Made in Holland

    Netherlands  2006.12.11

    In issue: Stamp(s): 12    Booklet(s): 3   

    Printing: multicolor on self-adhesive paper

    Issued in: booklets of 10 (first ten stamps of issue) and booklets of 5 (two last stamps)

  • Number by catalogue:  Yvert: 2399   Scott: 1265e  

    Perforation type: 14 ¼x14 ¼

    Subject:

    44 cents. A kettle "Le Lapin" (Rabbit)*

    On a background - silhouettes of two windmills (wind pumps)

    Additional:

    * The kettle has been developed by Dutch designer Nikolai Carels. It represents Dutch firm HEMA, known worldwide, as the manufacturer of stylish and convenient subject matters of everiday life.

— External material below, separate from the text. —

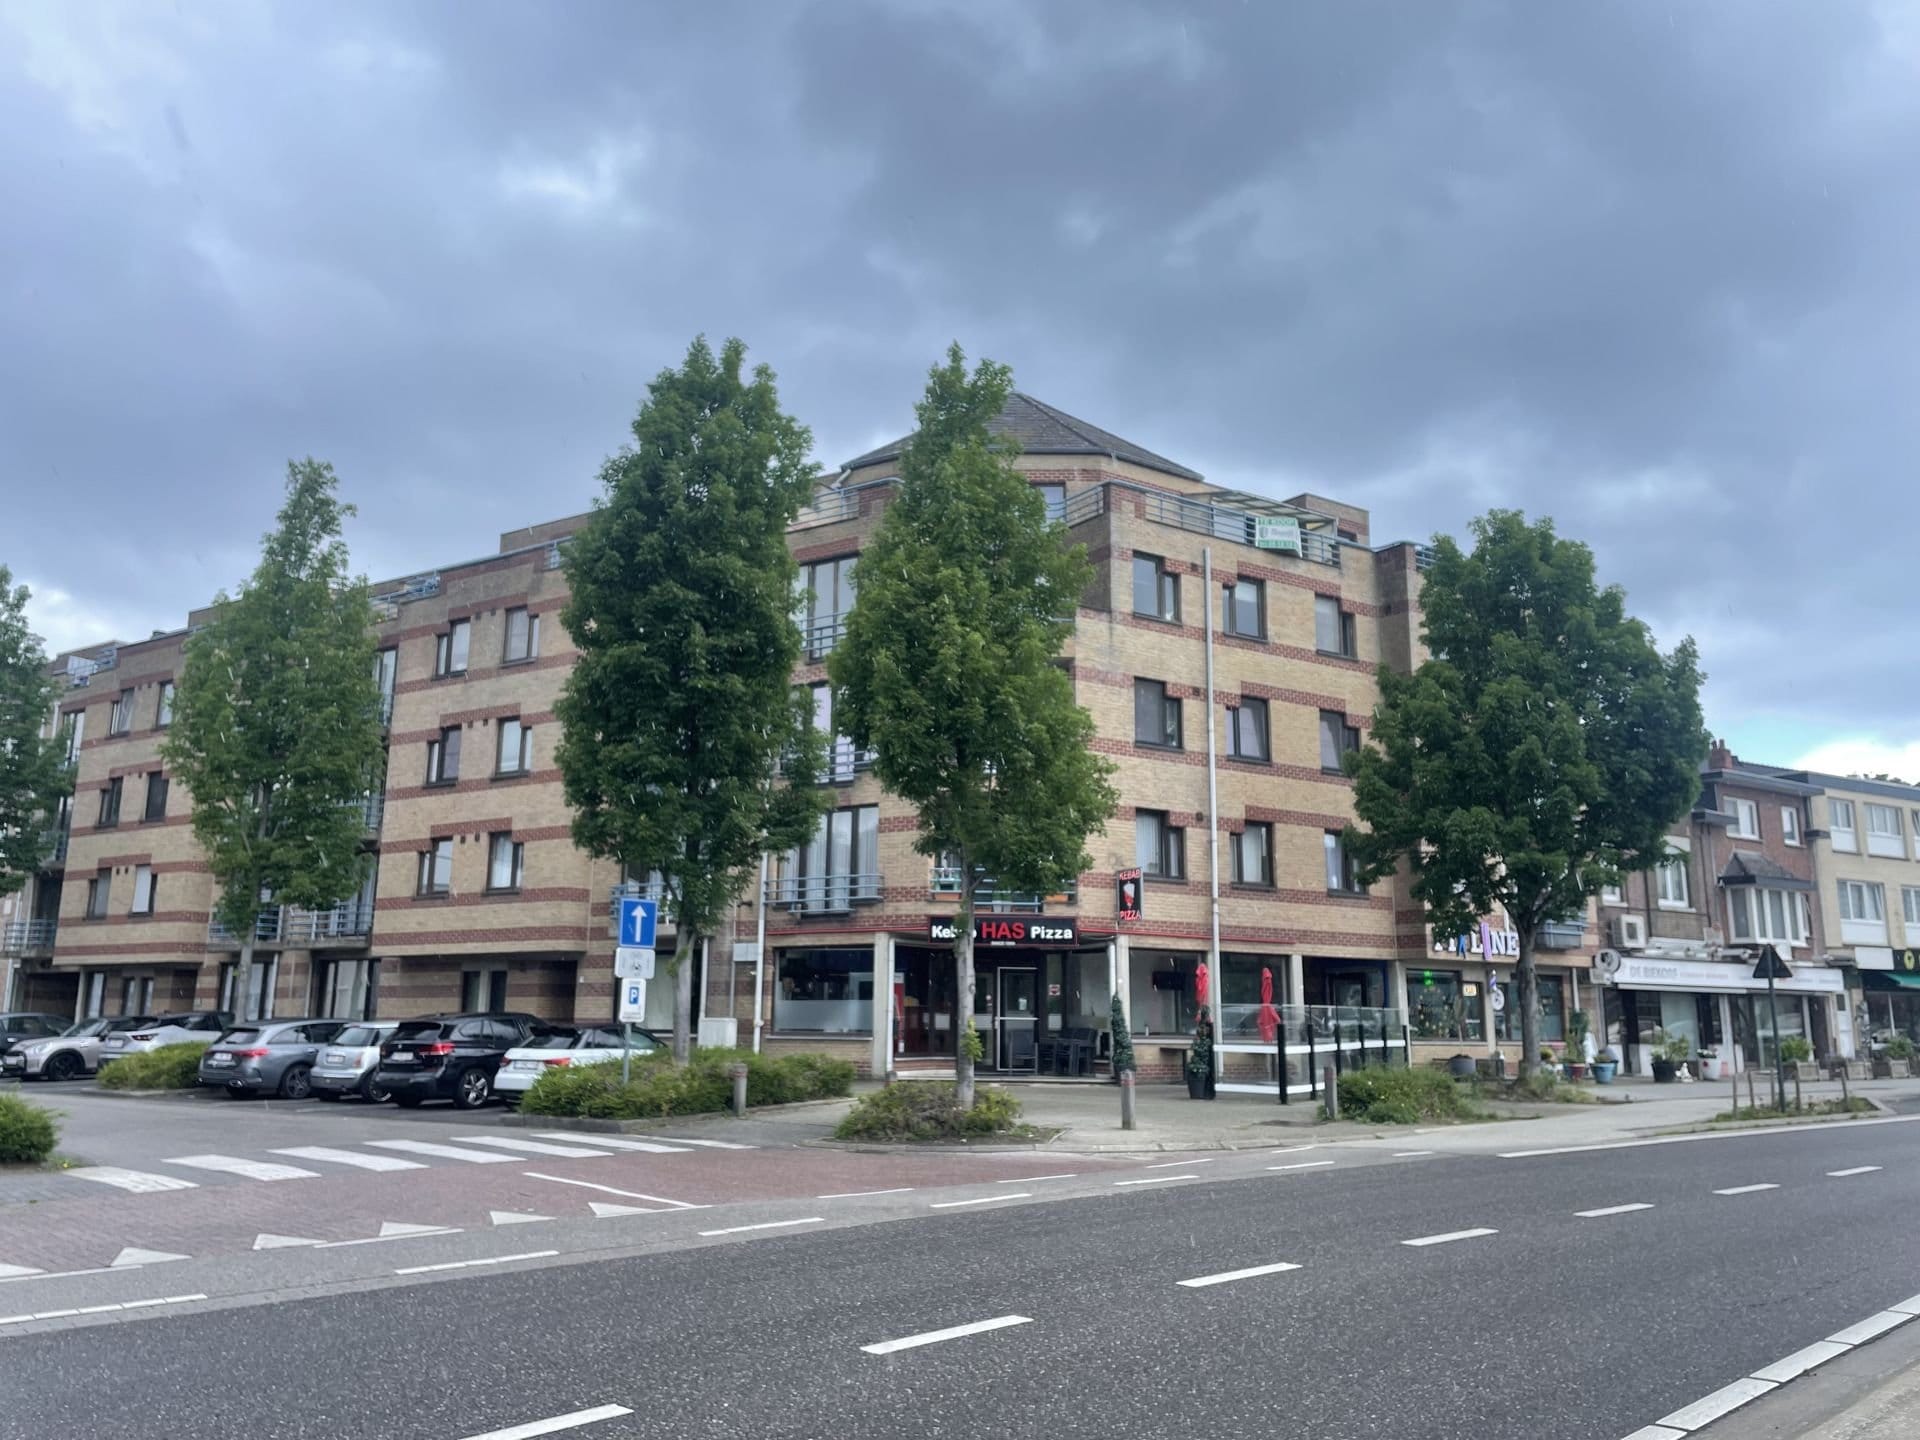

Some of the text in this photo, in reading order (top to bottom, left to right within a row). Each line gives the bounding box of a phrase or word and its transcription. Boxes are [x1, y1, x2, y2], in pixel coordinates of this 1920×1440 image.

[1120, 869, 1140, 880] KEBAB
[1120, 910, 1141, 920] PIZZA
[931, 922, 1073, 939] Keb HAS Pizza

    The kettle is the bestseller of the company more than 14 years.


  • Number by catalogue:  Yvert: 2401   Scott: 1265g  

    Perforation type: 14 ¼x14 ¼

    Subject:

    44 cents. A Carrier Bike of factory Fietsfabiek*

    On a background - a silhouette of Amsterdam and wind turbines

     

    Additional:

    *Fietsfabiek - the family factory located in the center of Amsterdam.  

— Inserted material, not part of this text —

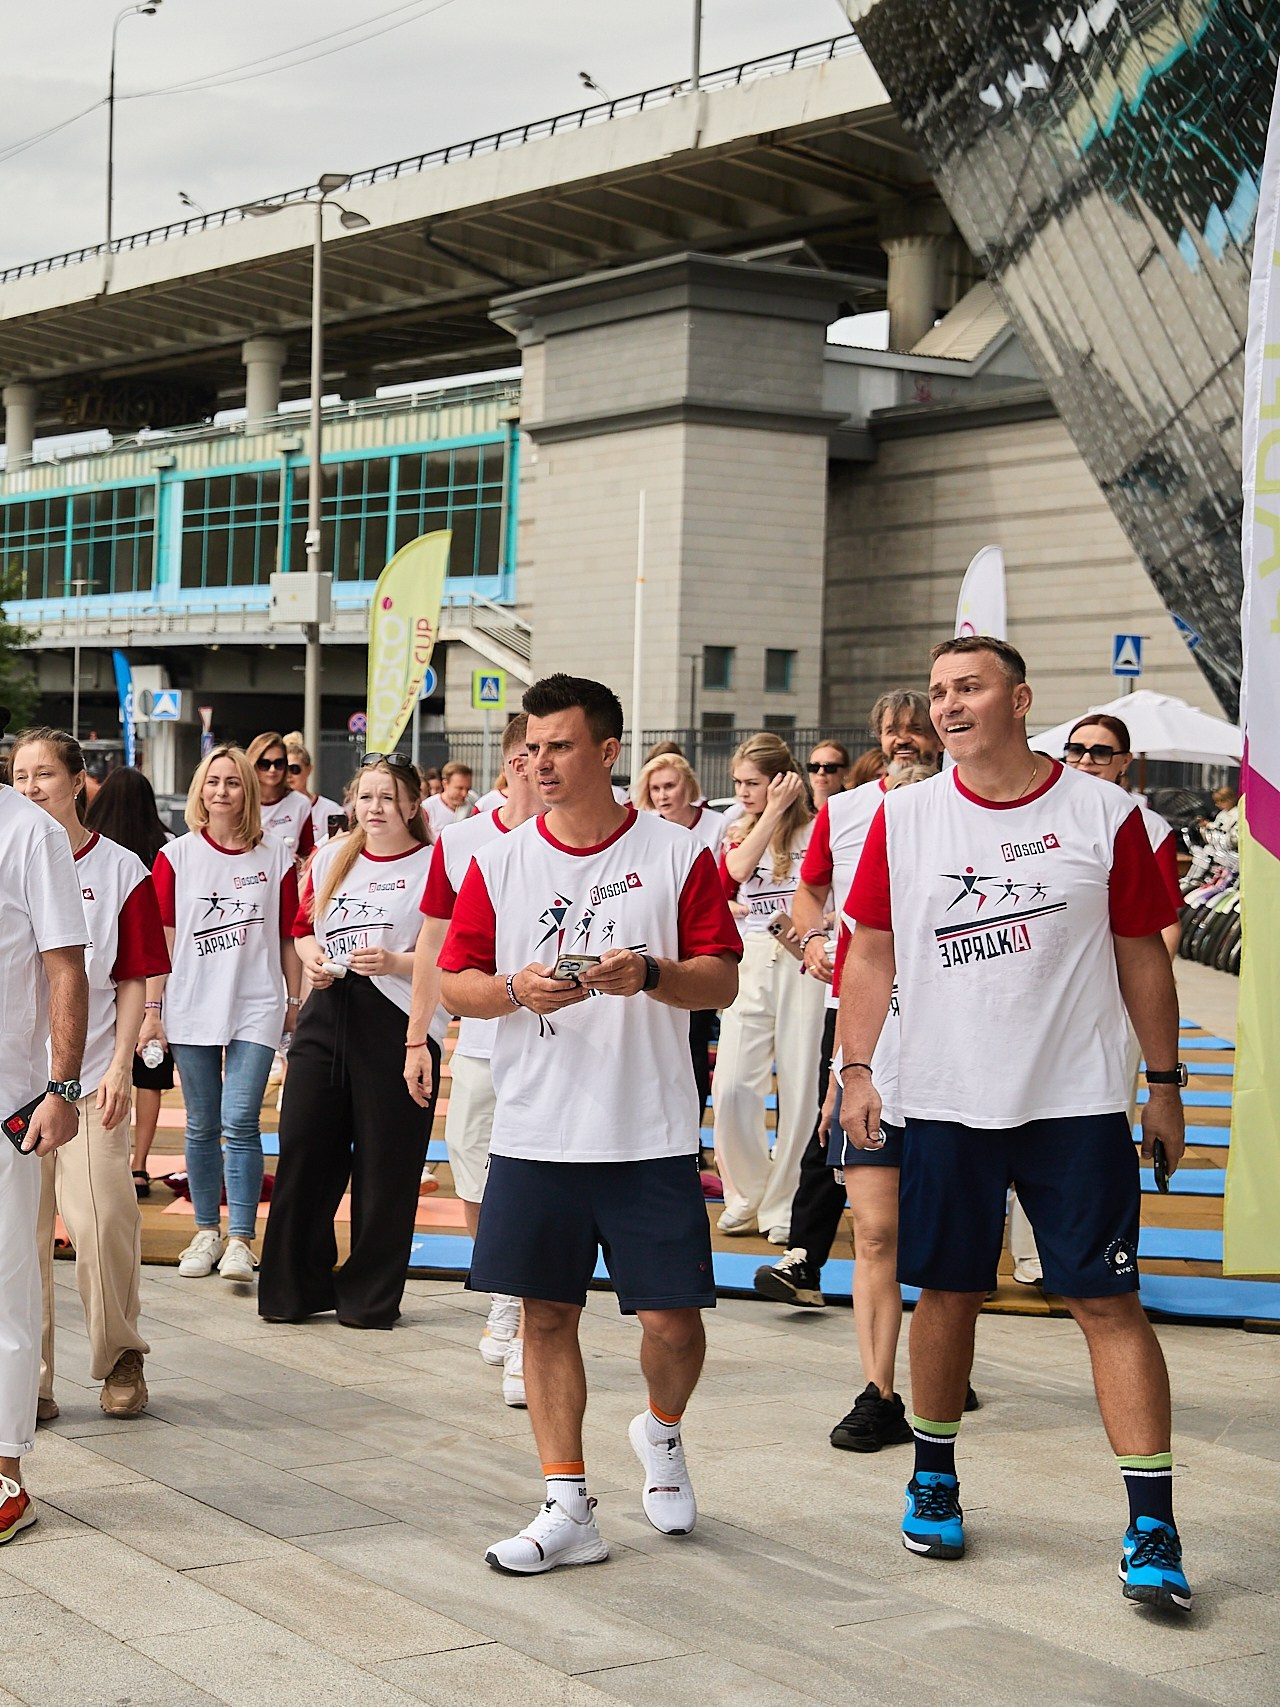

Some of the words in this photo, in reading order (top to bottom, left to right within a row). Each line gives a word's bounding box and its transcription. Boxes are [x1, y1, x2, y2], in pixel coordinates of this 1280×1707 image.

    Makes a many convenient models of bicycles, including many-placed and trading variants. To the buyers offer updating bicycles, on model with any quantity of places, addition of a box for a dog, carriages for children, or invalids.

     


  • Number by catalogue:  Yvert: 2404   Scott: 1265j  

    Perforation type: 14 ¼x14 ¼

    Subject:

    44 cents. A tulip* on a background of a field with cows and a windmill (wind pump)

     

    Additional:

    *Tulipa, commonly called tulip, is a genus of about 150 species of bulbous flowering plants in the family Liliaceae. The native range of the species includes southern Europe, north Africa, and Asia from Anatolia and Iran in the west to northeast of China. The centre of diversity of the genus is in the Pamir and Hindu Kush mountains and the steppes of Kazakhstan. A number of species and many hybrid cultivars are grown in gardens, used as pot plants or as fresh cut flowers. Most cultivars of tulip are derived from Tulipa gesneriana.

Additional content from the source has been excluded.